2. En premier lieu, lorsque la personne publique résilie une délégation de service public mettant à la charge du cocontractant les investissements correspondant à la création ou à l'acquisition des biens nécessaires au fonctionnement du service public avant son terme normal, le délégataire est fondé à demander l'indemnisation du préjudice qu'il subit à raison du retour anticipé des biens à titre gratuit dans le patrimoine de la collectivité publique, dès lors qu'ils n'ont pu être totalement amortis. Lorsque l'amortissement de ces biens a été calculé sur la base d'une durée d'utilisation inférieure à la durée du contrat, cette indemnité est égale à leur valeur nette comptable inscrite au bilan. Dans le cas où leur durée d'utilisation était supérieure à la durée du contrat, l'indemnité est égale à la valeur nette comptable qui résulterait de l'amortissement de ces biens sur la durée du contrat. Si, en présence d'une convention conclue entre une personne publique et une personne privée, il est loisible aux parties de déroger à ces principes, l'indemnité mise à la charge de la personne publique au titre de ces biens ne saurait en toute hypothèse excéder le montant calculé selon les modalités précisées ci-dessus.

3. Le document intitulé " cahier des charges de consultation relatif à la délégation de service public de casino ", qui présente un caractère contractuel dès lors qu'il prévoit notamment que " Le futur concessionnaire doit s'engager auprès de la commune de La Trinité-sur-Mer dans les conditions prévues dans le présent cahier des charges " stipule dans son article 10 que " Le retrait de l'autorisation ou son non-renouvellement auront pour conséquence l'annulation, de plein droit, du contrat de concession, des baux et autres conventions, sans aucune indemnité au profit du concessionnaire. ". Par ailleurs, à l'article 10 des modalités d'exploitation formulées le 10 juin 1999 dans son offre, la société Grand Casino de La Trinité-sur-Mer, devenue société touristique de La Trinité, a expressément pris acte de l'article 10 du cahier des charges de consultation et indiqué entendre s'y conformer. Cette offre est visée dans le cahier des charges de la délégation, qui précise que les engagements du délégataire s'imposent à lui, lequel cahier des charges prévoit à son article 9, en cas de faute grave du délégataire ou de non-respect d'une clause du contrat, la possibilité pour la commune de résilier la convention " aux torts exclusifs du délégataire ".

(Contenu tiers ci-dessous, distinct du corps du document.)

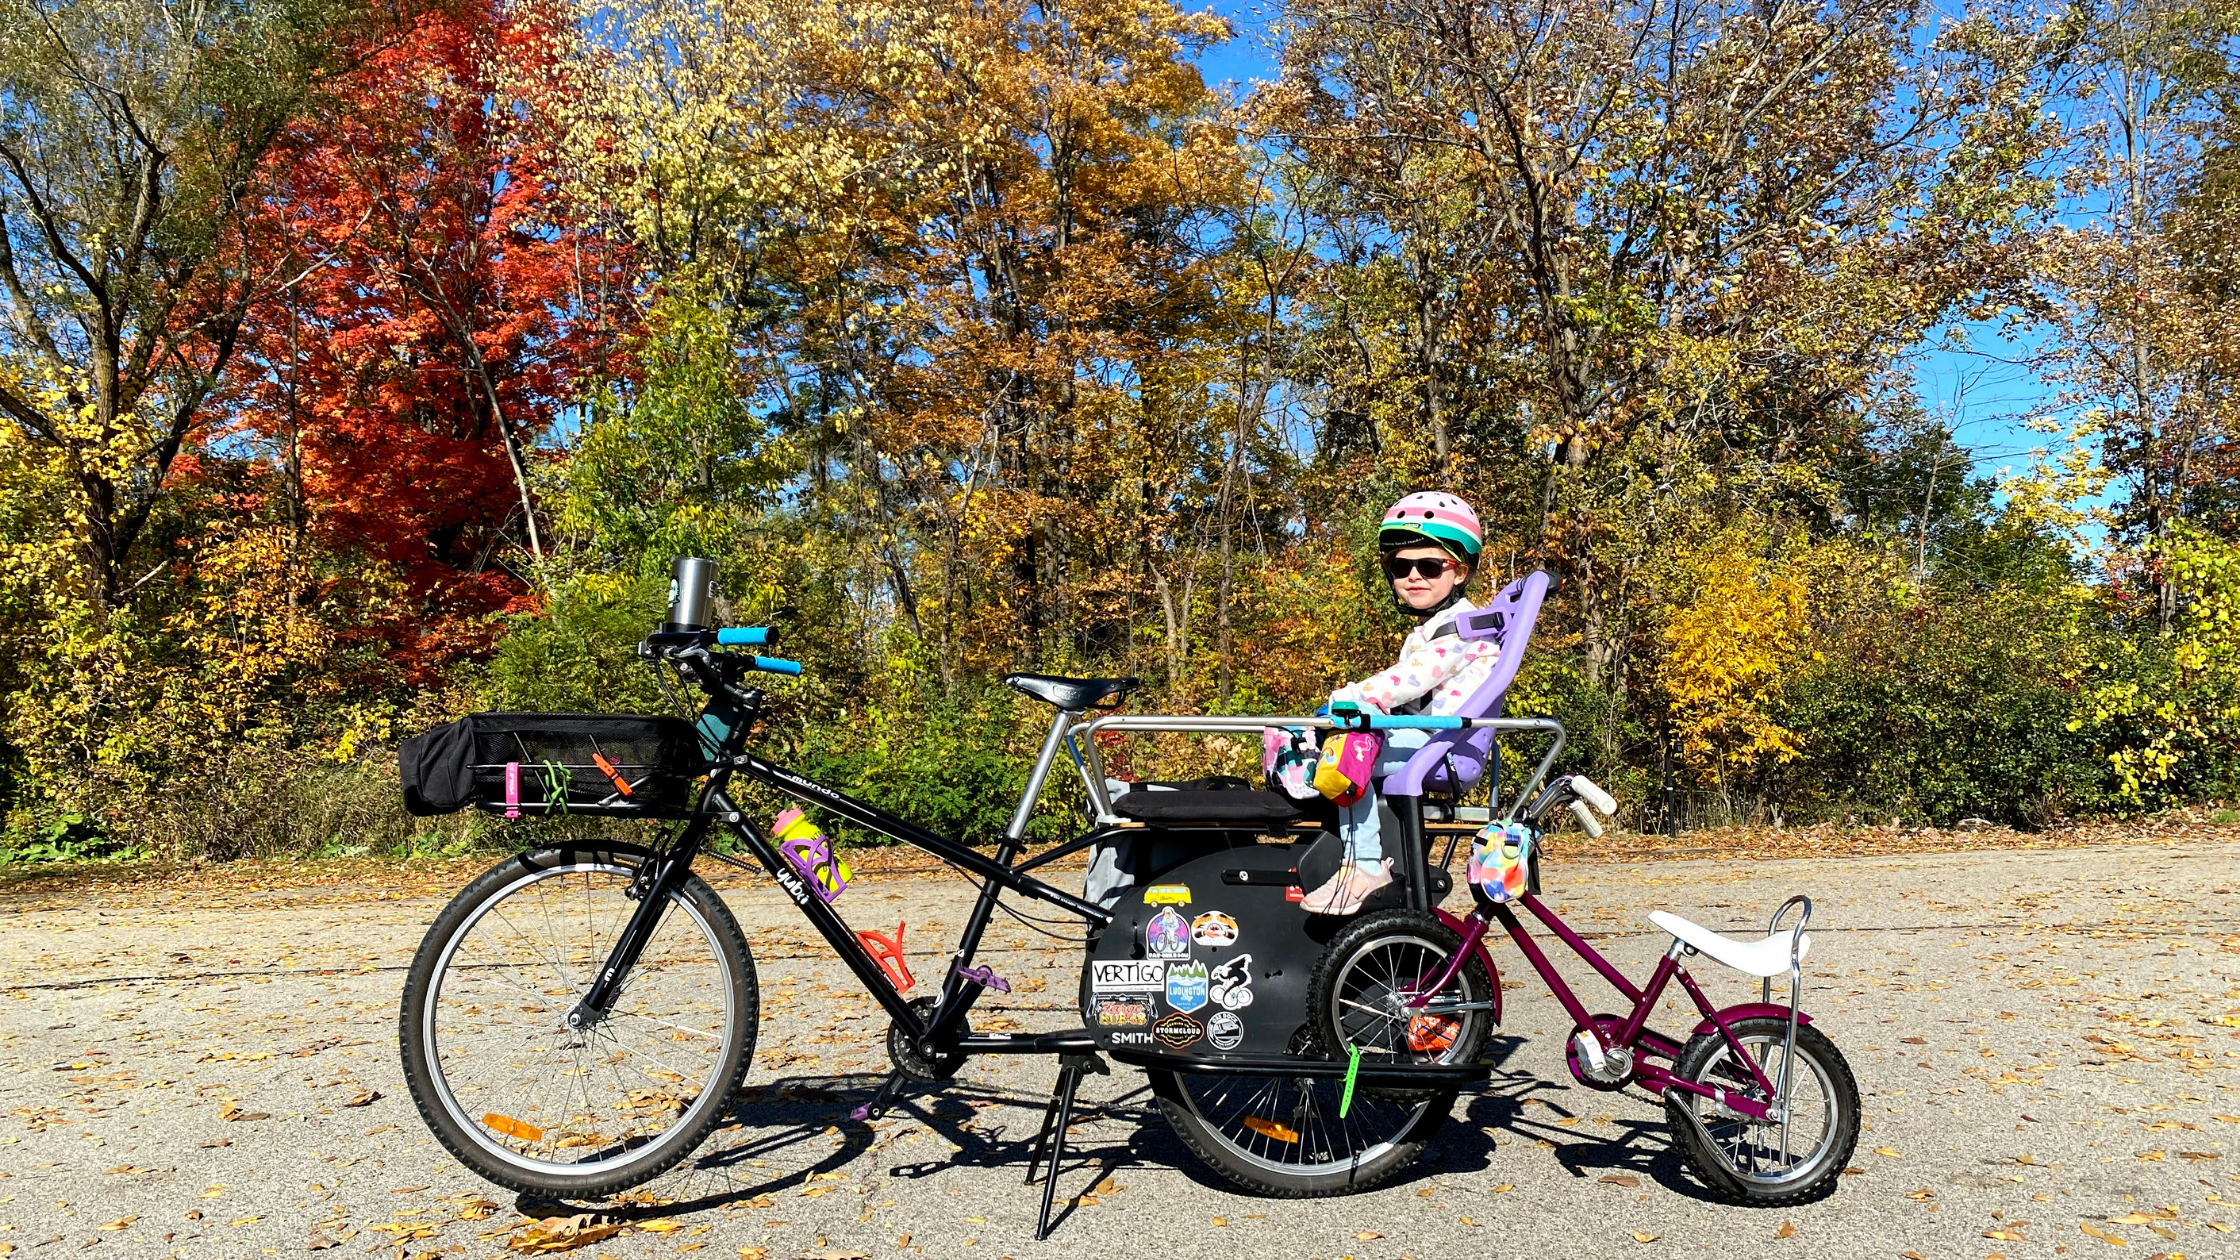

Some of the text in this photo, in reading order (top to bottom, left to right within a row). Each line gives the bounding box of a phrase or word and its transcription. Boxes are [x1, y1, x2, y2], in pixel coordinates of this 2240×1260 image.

4. Il résulte de l'ensemble de ces éléments que les stipulations régissant les relations entre la société Grand Casino de La Trinité-sur-Mer, à laquelle a succédé la société requérante, et la commune de La Trinité-sur-Mer excluent toute indemnisation du concessionnaire en cas de résiliation du contrat de délégation de service public pour faute du délégataire, y compris avant le terme normal de la délégation, comme en l'espèce

5. La société touristique de La Trinité ne peut utilement se prévaloir à cet égard de l'autorité de chose jugée par l'arrêt de la cour administrative d'appel de Nantes du 19 octobre 2018 qui s'est prononcé uniquement sur l'indemnisation de la commune pour les préjudices subis en raison des manquements de la société concessionnaire à ses obligations contractuelles, ledit arrêt rappelant en particulier que " La société délégataire ne pouvait donc pas s'abstenir de remplir ses obligations contractuelles, auxquelles elle a pourtant manqué, d'une part, en renonçant à réaliser le complexe hôtelier de 45 chambres prévu par l'article 7 modifié du cahier des charges, (...) d'autre part, en refusant à partir de 2011 d'honorer les obligations découlant des articles 5 et 6 du cahier des charges relatifs respectivement à la contribution au développement touristique de la station et à l'organisation d'une manifestation artistique annuelle, enfin, en fermant définitivement le casino et l'hôtel-restaurant situé 4-6 rue de Carnac le 30 juin 2015. Elle a ainsi commis des fautes de nature à justifier la résiliation de la convention de délégation en application de l'article 9 précité du cahier des charges. ". Par suite, au regard des stipulations citées au point 3, la requérante n'est pas fondée à demander une indemnité égale au montant de ses investissements non amortis à la date du 1er novembre 2015, fin du dernier exercice comptable d'exploitation du casino.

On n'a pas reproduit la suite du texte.